The code I’m currently using looks like this:
findTarget() {
try {
if (!this.meshcore) { return }
// calling multiple times in one call
let hit = false
for (let index = 0; !hit && index < 10; index++) {
hit = this.castFindTarget()
} catch (err) { console.log("findTarget: ", err.message) }

castFindTarget() {
try {
this.meshcore.rotation.y += 0.02
var origin = this.mesh.position;
var forward = new BABYLON.Vector3(0, 0, 1);
forward = vecToLocal(forward);
var direction = forward.subtract(origin);
direction = BABYLON.Vector3.Normalize(direction);
var ray = new BABYLON.Ray(origin, direction, this.range);
var hit = scene.pickWithRay(ray, this.predicate);
if (hit && hit.pickedMesh && hit.pickedMesh?.type !== “rock”) {
this.attackTarg(hit.pickedMesh.parentObject.unid, hit.pickedMesh.parentObject.type)
return true
} catch (err) { console.log("castRay: ", err.message) }

vecToLocal(vector) {
let m = this.mesh.getWorldMatrix();
return BABYLON.Vector3.TransformCoordinates(vector, m);

predicate(targ) {
try {
return targ.type === “rock” || (targ.type === “core” && targ.parentObject.playerid !== this.playerid)
} catch (err) { console.log("predicate от: ", this.playerid, err.message) }
I understand that usually it would be necessary to provide the code on the playground, if necessary, I can compose it, but here the question is more about the overall performance of the approaches than about the specific code.

It sounds like all you need in that case is a proximity test. Would a simple 3D distance check between units work for you? (sqrt((a.x-b-x)^2 + (a.y-b.y)^2 + (a.z-b.z)^2) Raycasting is for when you need to know specifically which point on which triangle is being detected.

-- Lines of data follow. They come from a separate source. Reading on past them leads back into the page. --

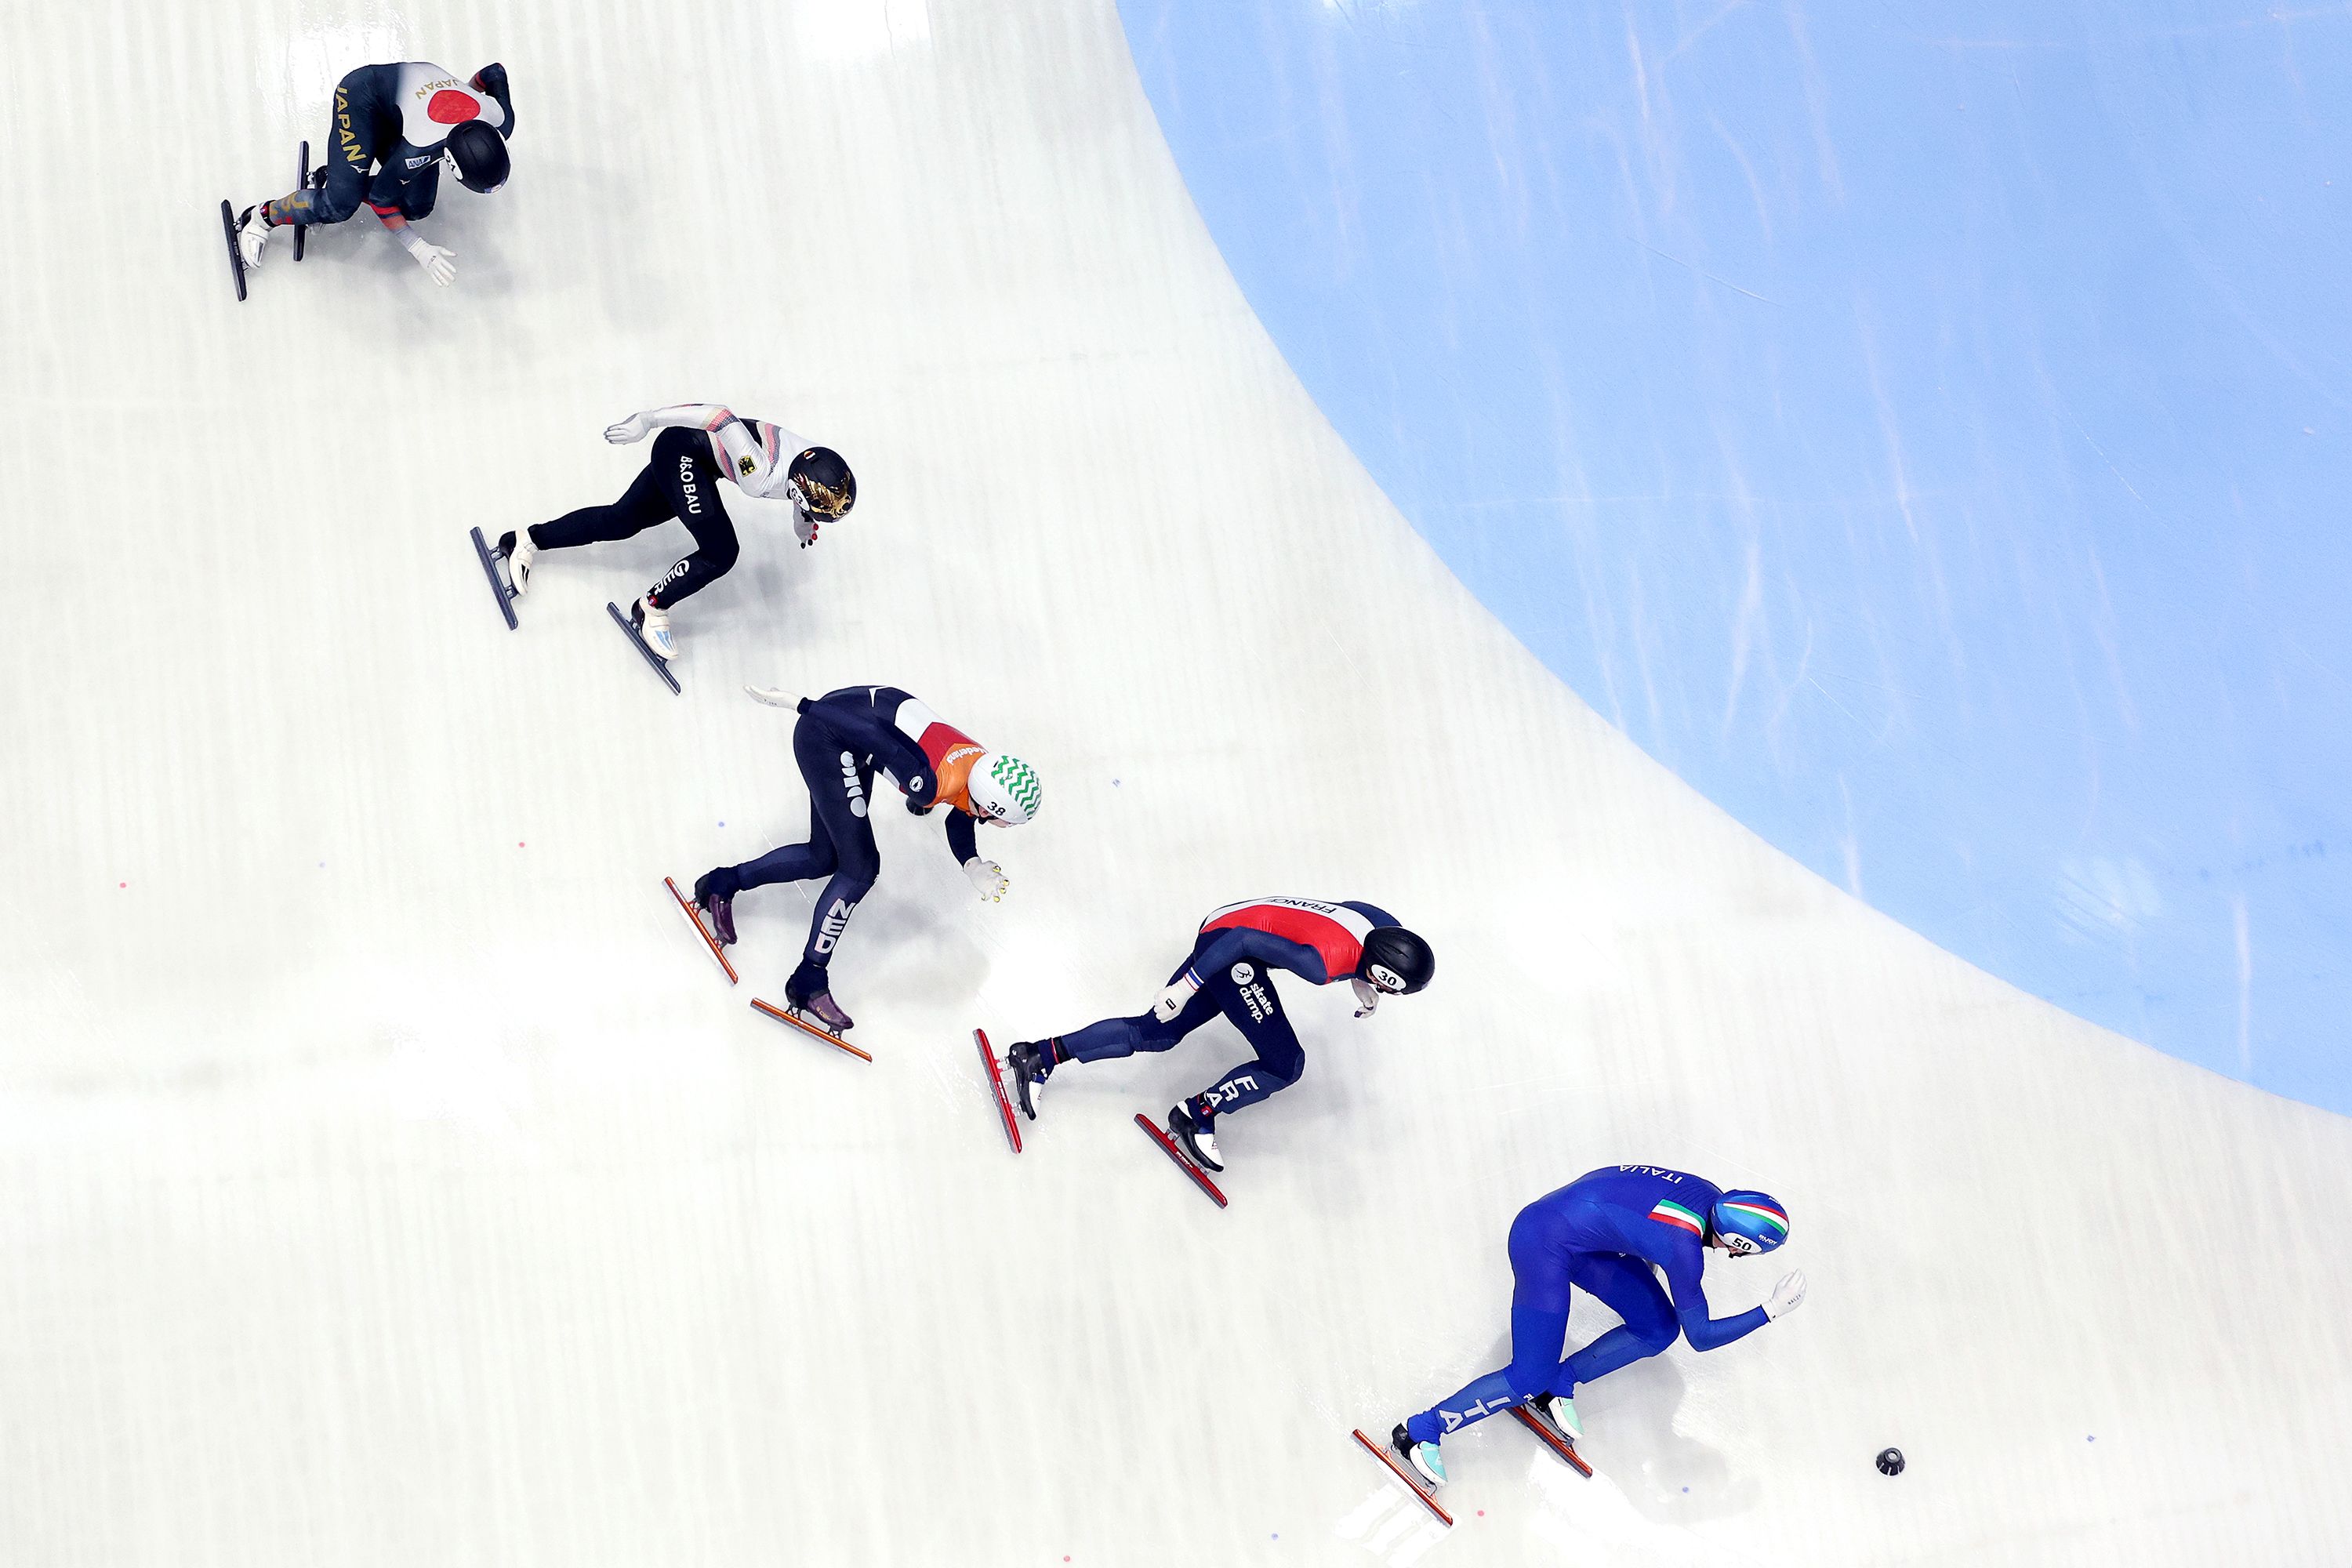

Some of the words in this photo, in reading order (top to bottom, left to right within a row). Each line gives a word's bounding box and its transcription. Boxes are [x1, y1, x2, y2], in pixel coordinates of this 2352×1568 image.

[416, 79, 460, 100] JAPAN
[987, 801, 1006, 816] 38
[815, 898, 856, 954] NED
[1378, 971, 1397, 985] 30
[1240, 987, 1263, 1024] dump.
[1250, 983, 1273, 1015] skate
[1207, 1075, 1259, 1108] FRA
[1620, 1165, 1683, 1184] ITALIA
[1732, 1237, 1752, 1250] 50
[1759, 1234, 1777, 1246] RUDY
[1439, 1396, 1511, 1433] ITA

this was generally my primary option, before the rays, but in this case I would need to go through all the moving meshes each time and calculate the distance between the unit and them. I consider this to be a much higher cost.
This option can be used when there is a list of grids in the required distance, and already iterate over this list, looking for the nearest one. But again, it is possible to throw rays at the desired distance more productively. I don’t know it :slight_smile:

I would test this instead of assuming. Raycasts are very expensive, and a distance check is not expensive. If all you need is relative distance for comparing, you can even skip the square root in the distance check. Just compare squared distances. It’s hard to imagine the distance comparisons would be slower than raycasts, but then again I don’t fully understand how your project works.

Imagine the usual strategy, warcraft or starcraft) In general, I can’t sort through all the objects for each object and find the range between them. The number of searches will grow in the square. Even with 100 objects, this is already a lot :slight_smile:

That’s what’s the ray intersection code is doing, anyway. Same thing for mesh intersections, except if you enable octree.

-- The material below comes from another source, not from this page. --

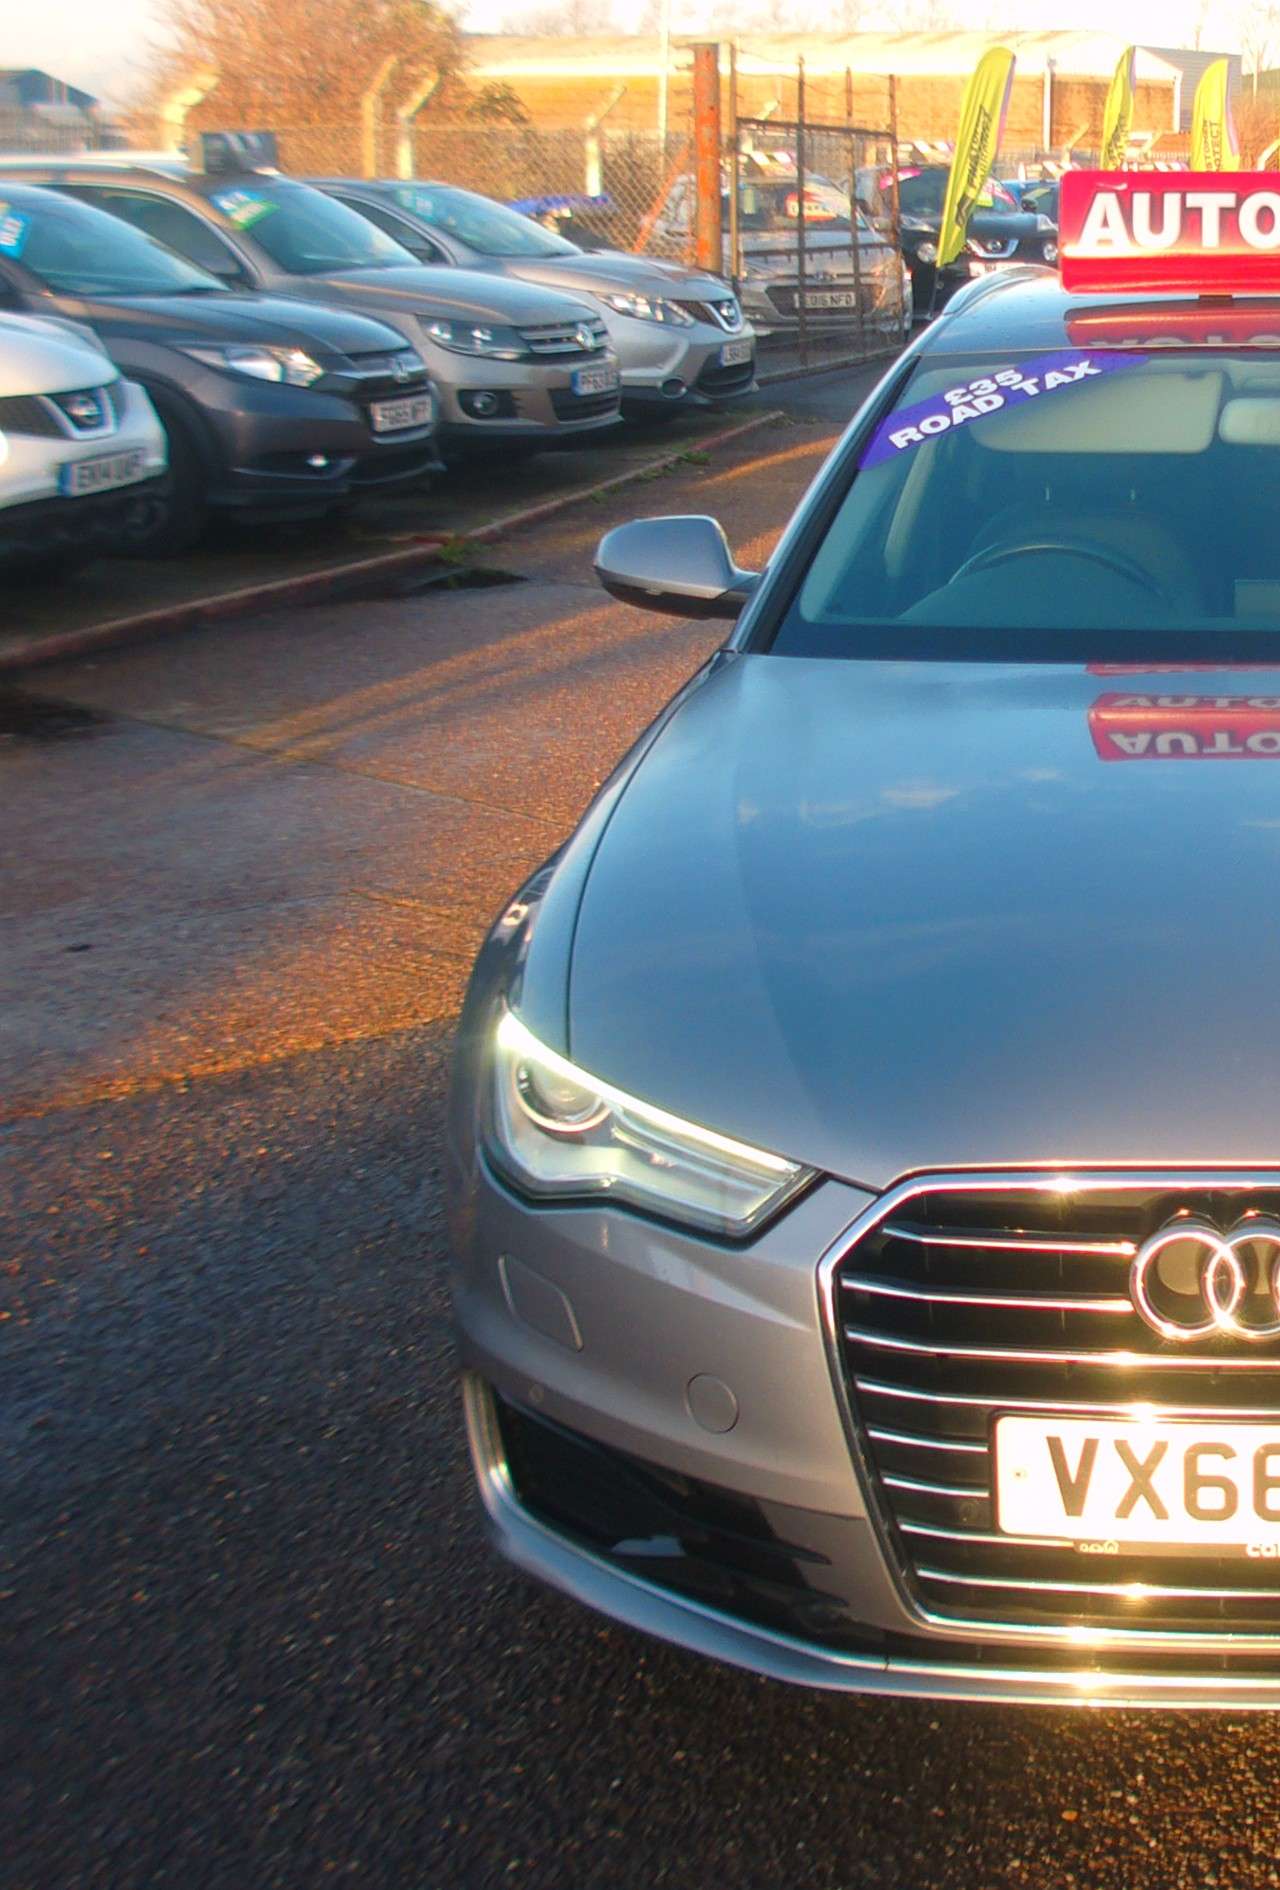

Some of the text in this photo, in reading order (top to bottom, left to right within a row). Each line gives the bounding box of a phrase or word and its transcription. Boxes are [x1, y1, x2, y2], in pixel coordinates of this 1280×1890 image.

[889, 360, 1103, 450] ROAD TAX
[944, 369, 1025, 407] £35

But what @kloklike suggests is probably the best, the calculation is very simple and looping through the meshes should not be a problem. If it is, you can set some acceleration structure (like an octree) to find the list of potential targets.

Did I understand you correctly that throwing even one beam “under the hood” iterates over all the meshes on the scene and simply checks if they meet the requirements (beam range - distance between meshes, direction, position, etc.)? I thought it was something like creating a line-segment and checking the intersection with it, based on pseudophysics … I’m apparently still very stupid))
Does this mean that the performance between casting rays and manually sorting through all the meshes in the scene, with further calculation of the nearest one, will be approximately equal?

Yes, but how could it be otherwise? The system must check all the meshes to see which ones meet the requirement. You can speed up the checks by reducing the number of meshes to be checked using an acceleration structure, such as an octree.

Yes, more or less, but you will save some object creations if you do the loop + distance calculation yourself instead of relying on the ray/mesh intersection code.

You can also try using a physic plugin, as they have functions to perform intersection tests that can be faster than Babylon’s own functions.